Via Beneventano, n°17 – 97018 Scicli, RG

Facciata del palazzo ad angolo

Fig. a

Nella motivazione di iscrizione nella World Heritage List dell’UNESCO si legge: “La Via Mormino Penna, per la ricca presenza di edifici del Settecento, e il Palazzo Beneventano rappresentano un capolavoro del genio creativo umano dell’età tardo-barocca…”
Palazzo Beneventano, il più famoso e scenografico palazzo nobiliare di Scicli, è uno dei monumenti più rappresentativi della città (Fig. a). Sono numerosi gli autori che l’hanno inserito nelle principali opere del barocco siciliano. 
È ubicato alle pendici del colle San Matteo, tra l’antica cittadella fortificata sita in cima al colle e la moderna città settecentesca.
Non si conoscono né il nome dell’architetto né il periodo di costruzione, riferibile, probabilmente, alla seconda metà del Settecento. Come la maggior parte degli edifici barocchi, Palazzo Beneventano spicca per la perizia nell’uso della pietra calcarea, trattata, dalle maestranze locali, in modo pregevole. Anthony Blunt lo definì “un raro esempio per decorazione fantastica”, un palazzo tutto da scoprire.

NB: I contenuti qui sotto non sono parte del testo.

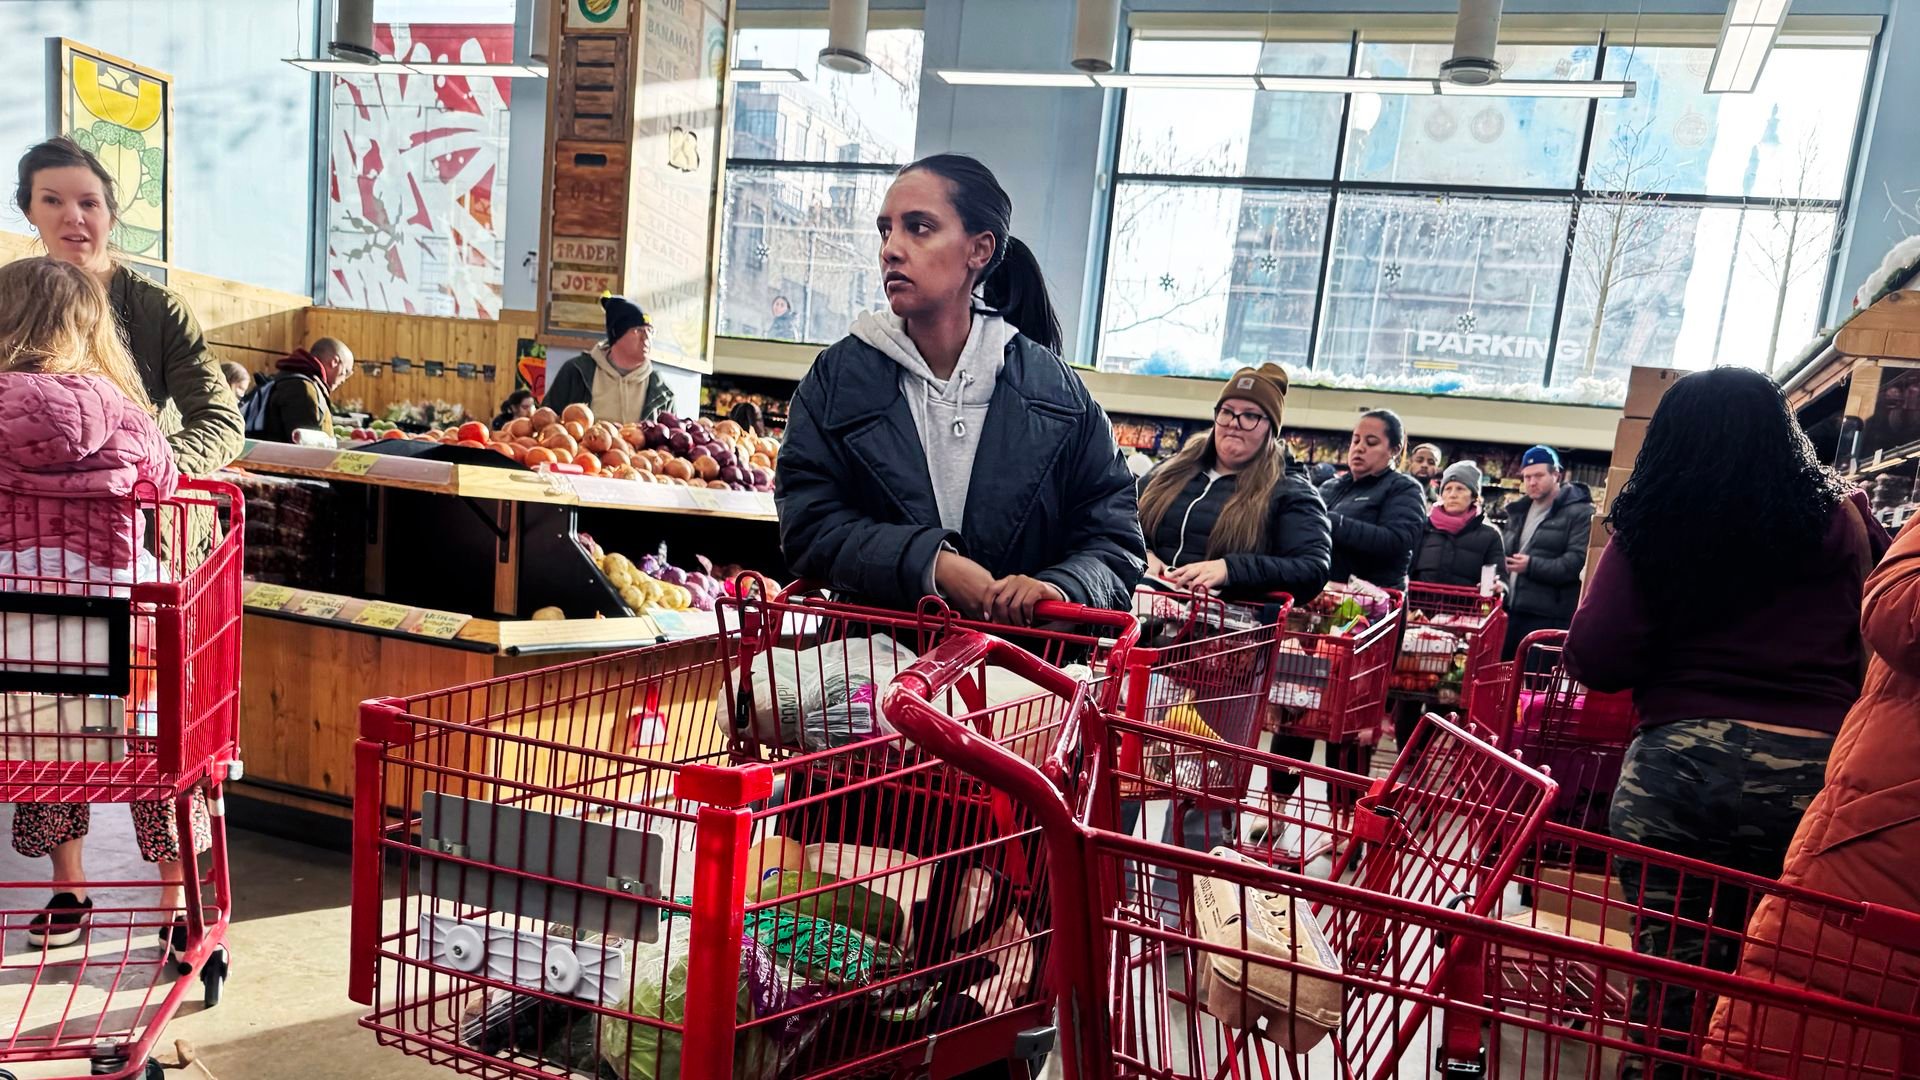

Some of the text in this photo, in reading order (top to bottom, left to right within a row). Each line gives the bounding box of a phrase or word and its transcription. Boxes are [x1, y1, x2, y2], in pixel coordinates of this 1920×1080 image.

[661, 0, 685, 17] OUR
[647, 20, 695, 57] BANANAS
[656, 55, 680, 81] ARE
[648, 214, 689, 246] THESE
[556, 243, 615, 261] TRADER
[644, 232, 689, 270] YEARS!
[560, 274, 609, 293] JOE'S
[1416, 331, 1583, 362] PARKING

L’impostazione ad angolo, che lo caratterizza e lo mette in risalto, si adatta alla conformazione in pendenza del suolo (Fig. b). Le due facciate sono legate da un possente cantonale, costituito da paraste con bugne lobate. In cima, spicca lo stemma coronato della famiglia Beneventano, che si adagia su due teste di moro a bocca aperta aggettanti (Fig. c), mentre in basso è collocata la statua di San Giuseppe (Fig. d).
Diviso in due ordini, il primo è caratterizzato da aperture con le chiavi di volta ornate da mascheroni di caricature umane.

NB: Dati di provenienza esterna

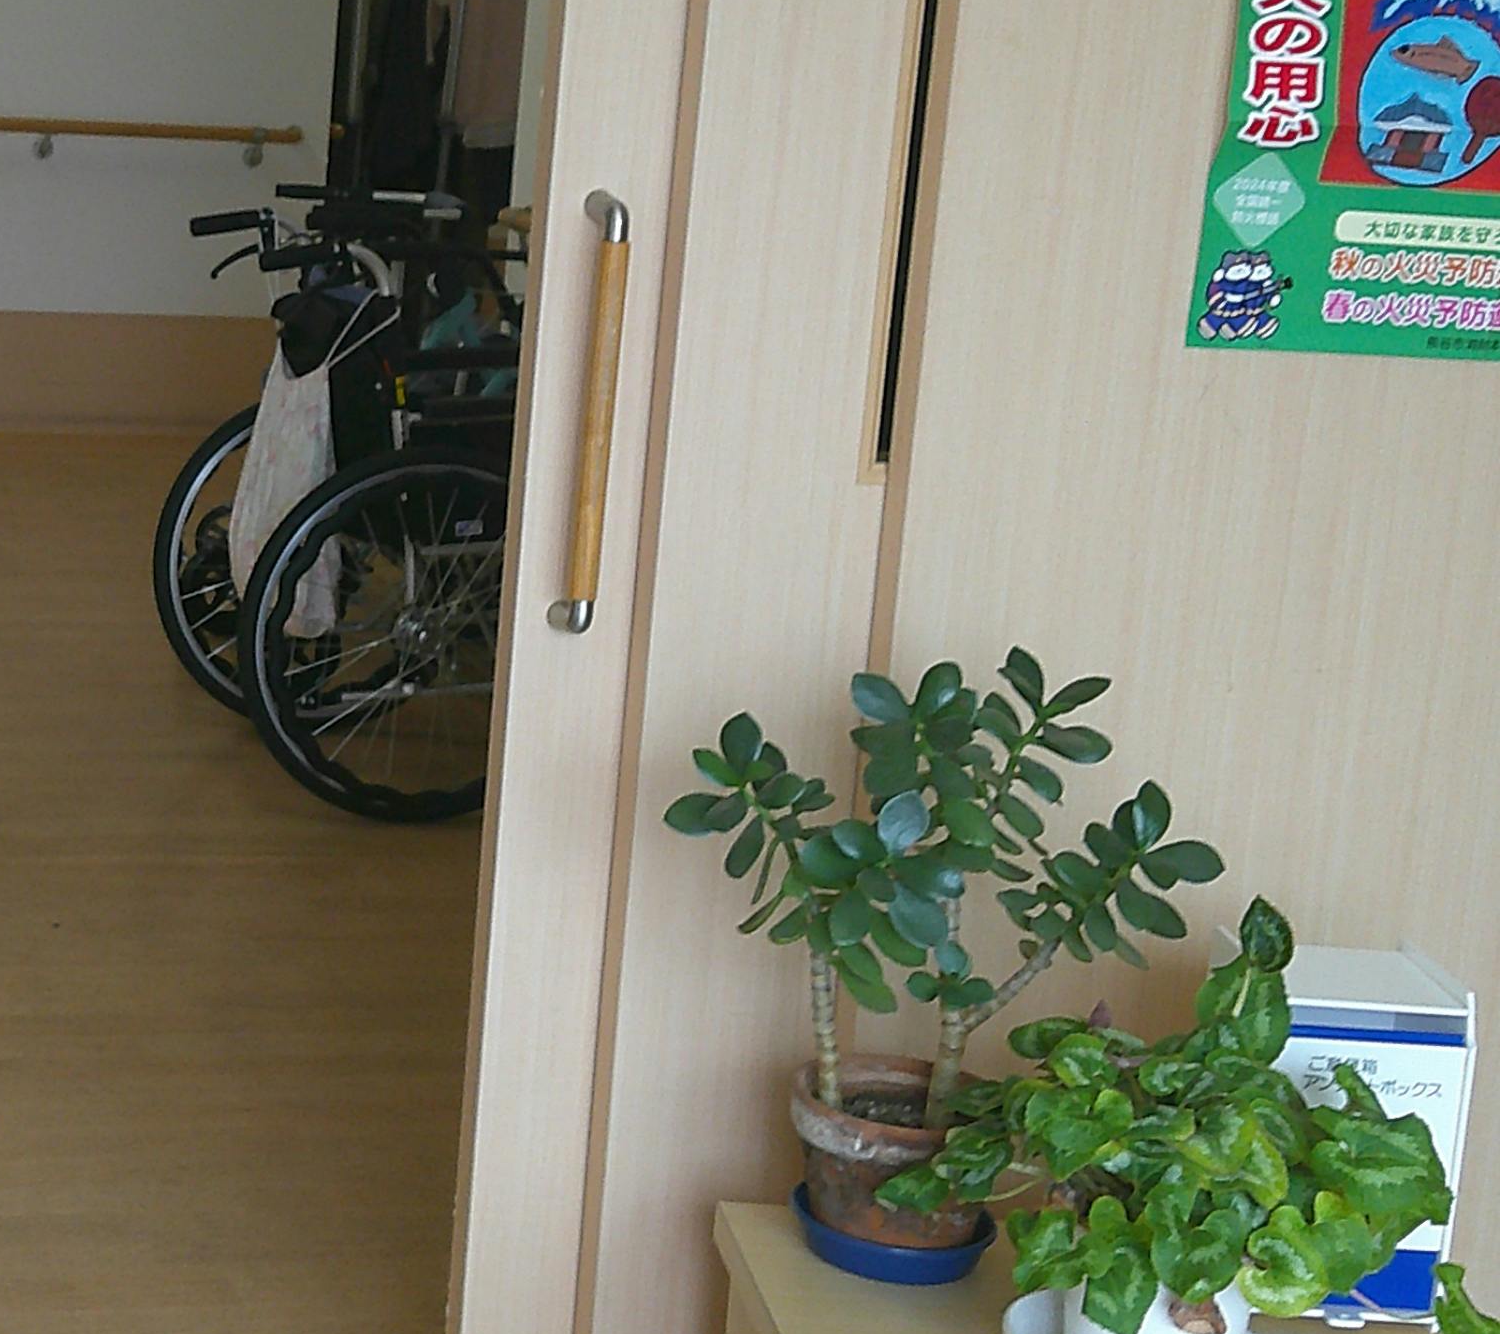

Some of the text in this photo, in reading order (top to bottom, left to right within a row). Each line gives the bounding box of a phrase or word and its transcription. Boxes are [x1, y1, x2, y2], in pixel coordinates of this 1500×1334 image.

[1329, 246, 1500, 289] 秋の火災予防
[1303, 1073, 1442, 1098] アントボックス

Nel secondo ordine i balconi, in asse con le sottostanti aperture, sono sorretti da mensoloni realizzati con motivi scultorei mostruosi e grotteschi, che raffigurano animali fantastici e hanno ringhiere in ferro battuto a petto d’oca (Fig. e).
Le figurazioni scultoree, dotate di assoluta originalità, sono disposte in modo da essere ammirate dal basso, al preciso scopo di attirare l’attenzione del passante e di stupirlo
L’edificio testimonia il carattere d’innovazione, tipico del grande ciclo di trasformazioni architettoniche, che interessarono Scicli dopo il terremoto del 1693 (Fig. f).